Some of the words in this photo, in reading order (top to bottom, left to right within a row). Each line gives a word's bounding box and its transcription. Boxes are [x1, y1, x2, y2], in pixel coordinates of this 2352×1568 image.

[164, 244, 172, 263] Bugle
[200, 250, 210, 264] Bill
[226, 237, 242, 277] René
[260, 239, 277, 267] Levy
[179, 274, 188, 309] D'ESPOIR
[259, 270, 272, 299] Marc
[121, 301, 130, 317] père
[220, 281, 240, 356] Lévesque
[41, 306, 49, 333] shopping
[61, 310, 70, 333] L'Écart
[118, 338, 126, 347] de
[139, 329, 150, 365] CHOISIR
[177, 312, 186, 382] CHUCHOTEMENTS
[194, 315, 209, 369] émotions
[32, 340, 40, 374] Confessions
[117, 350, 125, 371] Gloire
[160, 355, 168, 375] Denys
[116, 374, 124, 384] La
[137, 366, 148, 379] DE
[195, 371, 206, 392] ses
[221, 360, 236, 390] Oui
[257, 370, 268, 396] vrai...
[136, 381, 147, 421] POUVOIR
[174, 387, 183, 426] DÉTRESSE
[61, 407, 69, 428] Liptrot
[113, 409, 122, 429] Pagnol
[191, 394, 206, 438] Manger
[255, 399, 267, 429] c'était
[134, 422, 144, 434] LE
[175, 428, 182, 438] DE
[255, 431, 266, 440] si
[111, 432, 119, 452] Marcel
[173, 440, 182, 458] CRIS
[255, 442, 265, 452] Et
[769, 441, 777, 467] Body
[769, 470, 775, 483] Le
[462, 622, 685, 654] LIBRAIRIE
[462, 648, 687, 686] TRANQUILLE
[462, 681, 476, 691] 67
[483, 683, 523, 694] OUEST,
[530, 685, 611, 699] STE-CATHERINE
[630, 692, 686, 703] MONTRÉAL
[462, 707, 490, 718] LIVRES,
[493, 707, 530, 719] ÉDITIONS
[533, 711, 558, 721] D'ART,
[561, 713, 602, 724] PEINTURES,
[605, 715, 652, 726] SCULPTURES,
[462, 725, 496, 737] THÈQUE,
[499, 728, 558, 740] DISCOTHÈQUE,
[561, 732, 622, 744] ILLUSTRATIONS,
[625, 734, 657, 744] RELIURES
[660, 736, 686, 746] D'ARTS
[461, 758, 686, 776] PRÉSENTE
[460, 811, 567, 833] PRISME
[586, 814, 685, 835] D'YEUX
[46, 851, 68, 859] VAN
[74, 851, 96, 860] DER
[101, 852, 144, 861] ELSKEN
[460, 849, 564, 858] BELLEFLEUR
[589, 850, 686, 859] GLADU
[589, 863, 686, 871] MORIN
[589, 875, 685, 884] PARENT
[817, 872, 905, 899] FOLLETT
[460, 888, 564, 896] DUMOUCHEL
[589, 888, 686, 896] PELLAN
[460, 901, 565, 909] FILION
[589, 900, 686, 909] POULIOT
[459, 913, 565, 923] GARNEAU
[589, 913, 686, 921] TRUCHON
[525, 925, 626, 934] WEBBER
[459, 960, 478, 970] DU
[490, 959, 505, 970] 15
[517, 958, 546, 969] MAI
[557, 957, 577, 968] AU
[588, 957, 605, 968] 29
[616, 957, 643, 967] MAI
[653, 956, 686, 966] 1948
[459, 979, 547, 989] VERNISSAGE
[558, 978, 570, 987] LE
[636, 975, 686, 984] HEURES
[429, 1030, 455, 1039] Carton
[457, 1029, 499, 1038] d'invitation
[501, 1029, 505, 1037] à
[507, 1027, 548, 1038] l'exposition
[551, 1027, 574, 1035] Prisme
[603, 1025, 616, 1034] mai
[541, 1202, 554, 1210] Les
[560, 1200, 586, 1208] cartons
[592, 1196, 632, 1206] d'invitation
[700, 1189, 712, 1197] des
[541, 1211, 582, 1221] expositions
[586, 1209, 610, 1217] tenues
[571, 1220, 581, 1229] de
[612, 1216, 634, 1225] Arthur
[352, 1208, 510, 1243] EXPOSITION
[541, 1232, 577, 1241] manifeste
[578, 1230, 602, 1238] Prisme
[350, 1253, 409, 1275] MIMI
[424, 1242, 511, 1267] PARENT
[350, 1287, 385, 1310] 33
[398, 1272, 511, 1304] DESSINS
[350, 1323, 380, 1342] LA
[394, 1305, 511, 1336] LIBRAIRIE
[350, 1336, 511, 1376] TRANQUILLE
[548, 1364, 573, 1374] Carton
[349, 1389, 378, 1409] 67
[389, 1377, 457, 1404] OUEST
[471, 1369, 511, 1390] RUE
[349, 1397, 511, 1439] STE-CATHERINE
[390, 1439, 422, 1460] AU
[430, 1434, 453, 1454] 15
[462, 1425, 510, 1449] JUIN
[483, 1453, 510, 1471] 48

[EXERCISE AIM]
From top to bottom, return the material above unchanged.

[ANSWER BOX]
Some of the words in this photo, in reading order (top to bottom, left to right within a row). Each line gives a word's bounding box and its transcription. Boxes are [x1, y1, x2, y2], in pixel coordinates of this 2352×1568 image.

[164, 244, 172, 263] Bugle
[200, 250, 210, 264] Bill
[226, 237, 242, 277] René
[260, 239, 277, 267] Levy
[179, 274, 188, 309] D'ESPOIR
[259, 270, 272, 299] Marc
[121, 301, 130, 317] père
[220, 281, 240, 356] Lévesque
[41, 306, 49, 333] shopping
[61, 310, 70, 333] L'Écart
[118, 338, 126, 347] de
[139, 329, 150, 365] CHOISIR
[177, 312, 186, 382] CHUCHOTEMENTS
[194, 315, 209, 369] émotions
[32, 340, 40, 374] Confessions
[117, 350, 125, 371] Gloire
[160, 355, 168, 375] Denys
[116, 374, 124, 384] La
[137, 366, 148, 379] DE
[195, 371, 206, 392] ses
[221, 360, 236, 390] Oui
[257, 370, 268, 396] vrai...
[136, 381, 147, 421] POUVOIR
[174, 387, 183, 426] DÉTRESSE
[61, 407, 69, 428] Liptrot
[113, 409, 122, 429] Pagnol
[191, 394, 206, 438] Manger
[255, 399, 267, 429] c'était
[134, 422, 144, 434] LE
[175, 428, 182, 438] DE
[255, 431, 266, 440] si
[111, 432, 119, 452] Marcel
[173, 440, 182, 458] CRIS
[255, 442, 265, 452] Et
[769, 441, 777, 467] Body
[769, 470, 775, 483] Le
[462, 622, 685, 654] LIBRAIRIE
[462, 648, 687, 686] TRANQUILLE
[462, 681, 476, 691] 67
[483, 683, 523, 694] OUEST,
[530, 685, 611, 699] STE-CATHERINE
[630, 692, 686, 703] MONTRÉAL
[462, 707, 490, 718] LIVRES,
[493, 707, 530, 719] ÉDITIONS
[533, 711, 558, 721] D'ART,
[561, 713, 602, 724] PEINTURES,
[605, 715, 652, 726] SCULPTURES,
[462, 725, 496, 737] THÈQUE,
[499, 728, 558, 740] DISCOTHÈQUE,
[561, 732, 622, 744] ILLUSTRATIONS,
[625, 734, 657, 744] RELIURES
[660, 736, 686, 746] D'ARTS
[461, 758, 686, 776] PRÉSENTE
[460, 811, 567, 833] PRISME
[586, 814, 685, 835] D'YEUX
[46, 851, 68, 859] VAN
[74, 851, 96, 860] DER
[101, 852, 144, 861] ELSKEN
[460, 849, 564, 858] BELLEFLEUR
[589, 850, 686, 859] GLADU
[589, 863, 686, 871] MORIN
[589, 875, 685, 884] PARENT
[817, 872, 905, 899] FOLLETT
[460, 888, 564, 896] DUMOUCHEL
[589, 888, 686, 896] PELLAN
[460, 901, 565, 909] FILION
[589, 900, 686, 909] POULIOT
[459, 913, 565, 923] GARNEAU
[589, 913, 686, 921] TRUCHON
[525, 925, 626, 934] WEBBER
[459, 960, 478, 970] DU
[490, 959, 505, 970] 15
[517, 958, 546, 969] MAI
[557, 957, 577, 968] AU
[588, 957, 605, 968] 29
[616, 957, 643, 967] MAI
[653, 956, 686, 966] 1948
[459, 979, 547, 989] VERNISSAGE
[558, 978, 570, 987] LE
[636, 975, 686, 984] HEURES
[429, 1030, 455, 1039] Carton
[457, 1029, 499, 1038] d'invitation
[501, 1029, 505, 1037] à
[507, 1027, 548, 1038] l'exposition
[551, 1027, 574, 1035] Prisme
[603, 1025, 616, 1034] mai
[541, 1202, 554, 1210] Les
[560, 1200, 586, 1208] cartons
[592, 1196, 632, 1206] d'invitation
[700, 1189, 712, 1197] des
[541, 1211, 582, 1221] expositions
[586, 1209, 610, 1217] tenues
[571, 1220, 581, 1229] de
[612, 1216, 634, 1225] Arthur
[352, 1208, 510, 1243] EXPOSITION
[541, 1232, 577, 1241] manifeste
[578, 1230, 602, 1238] Prisme
[350, 1253, 409, 1275] MIMI
[424, 1242, 511, 1267] PARENT
[350, 1287, 385, 1310] 33
[398, 1272, 511, 1304] DESSINS
[350, 1323, 380, 1342] LA
[394, 1305, 511, 1336] LIBRAIRIE
[350, 1336, 511, 1376] TRANQUILLE
[548, 1364, 573, 1374] Carton
[349, 1389, 378, 1409] 67
[389, 1377, 457, 1404] OUEST
[471, 1369, 511, 1390] RUE
[349, 1397, 511, 1439] STE-CATHERINE
[390, 1439, 422, 1460] AU
[430, 1434, 453, 1454] 15
[462, 1425, 510, 1449] JUIN
[483, 1453, 510, 1471] 48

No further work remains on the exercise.